[R] Passing args and data to optim. WAS: Re: vectorized mle / optim

Wed Oct 24 20:49:30 CEST 2007

On Wed, 24 Oct 2007, Arnaud Le Rouzic wrote:

> Hi the list,
>
> I would need some advice on something that looks like a FAQ: the
> possibility of providing vectors to optim() function.
>

Arnaud,

If I have misunderstood your intent, let me say I am sorry.

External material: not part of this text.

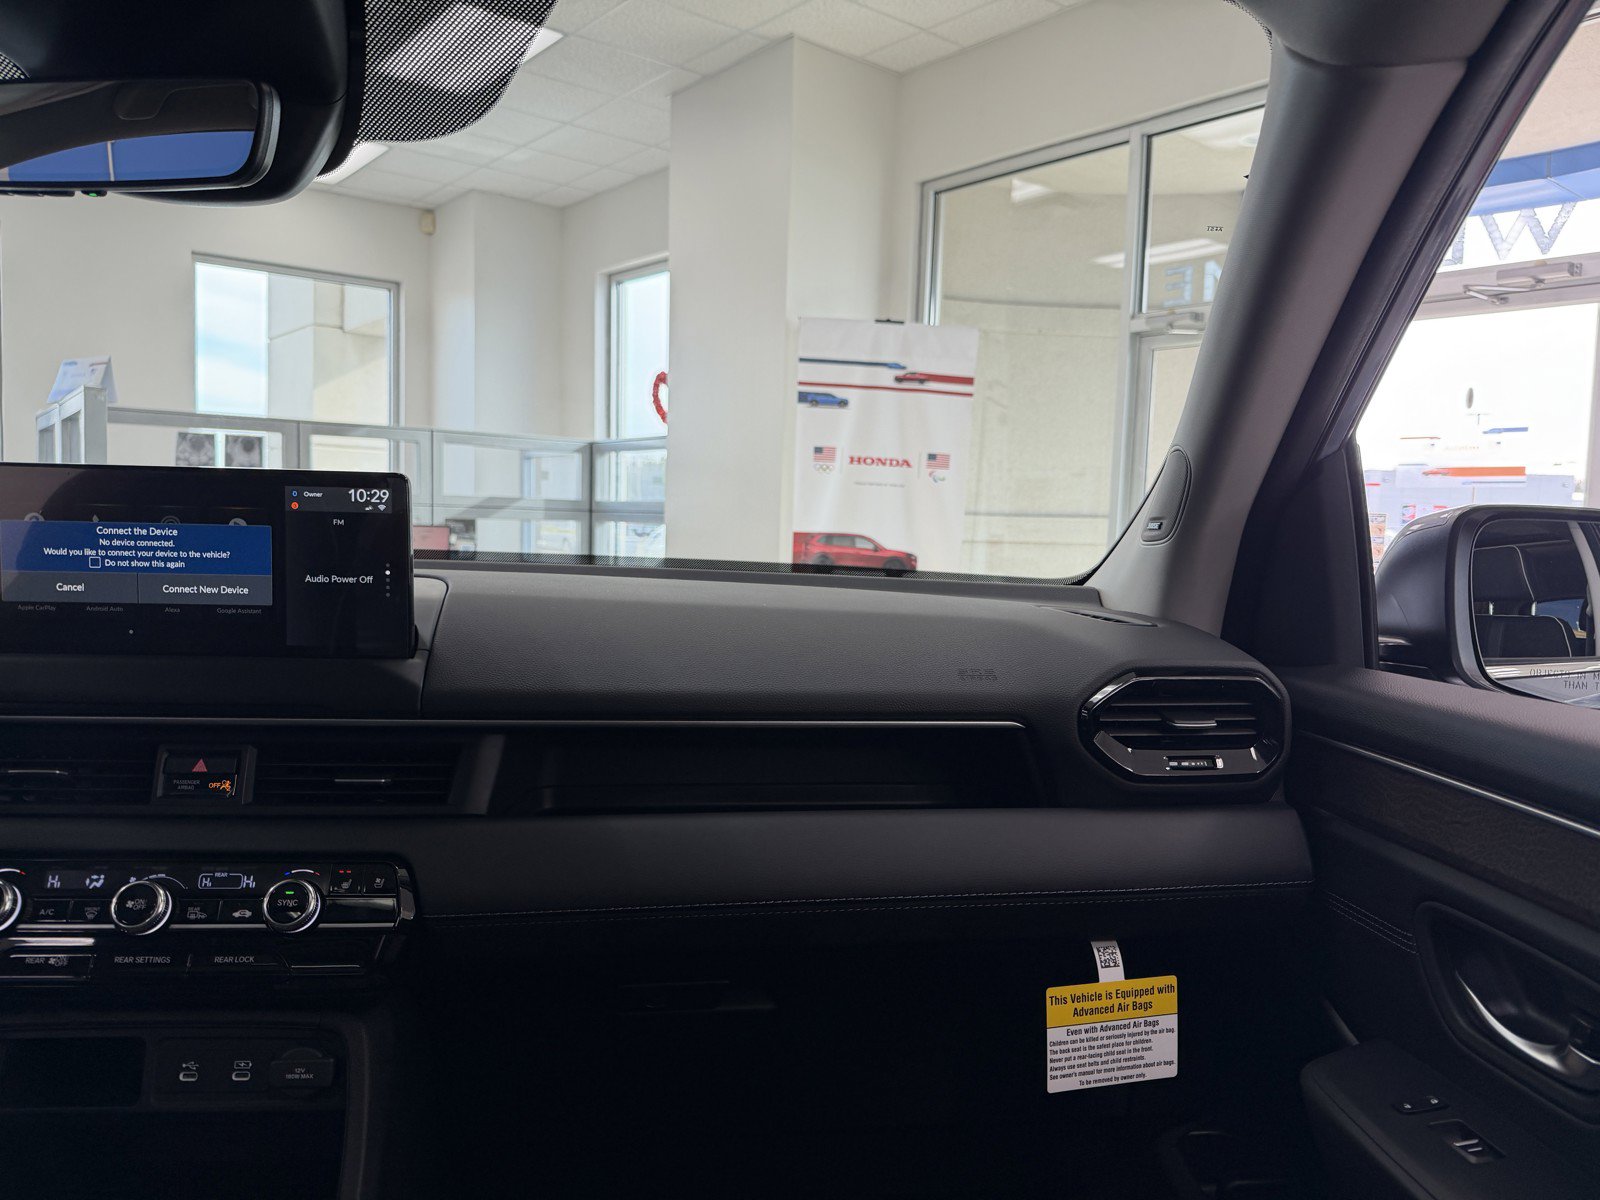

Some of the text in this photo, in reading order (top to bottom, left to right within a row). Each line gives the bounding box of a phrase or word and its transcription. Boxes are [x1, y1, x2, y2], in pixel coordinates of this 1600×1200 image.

I think what you are struggling with is this:

 	Providing data and parameter values to an objective function to be
 	used by optim in a flexible way.

I have experienced some frustration in this myself.

One solution I have used is to write the objective function in a natural 
way - using multiple arguments as needed for convenience and clarity.

Then I write a wrapper function that optim can handle that takes only a 
vector argument. If I need to pass data or fixed values of parameters, I 
do this by assigning them in the environment of the wrapper function.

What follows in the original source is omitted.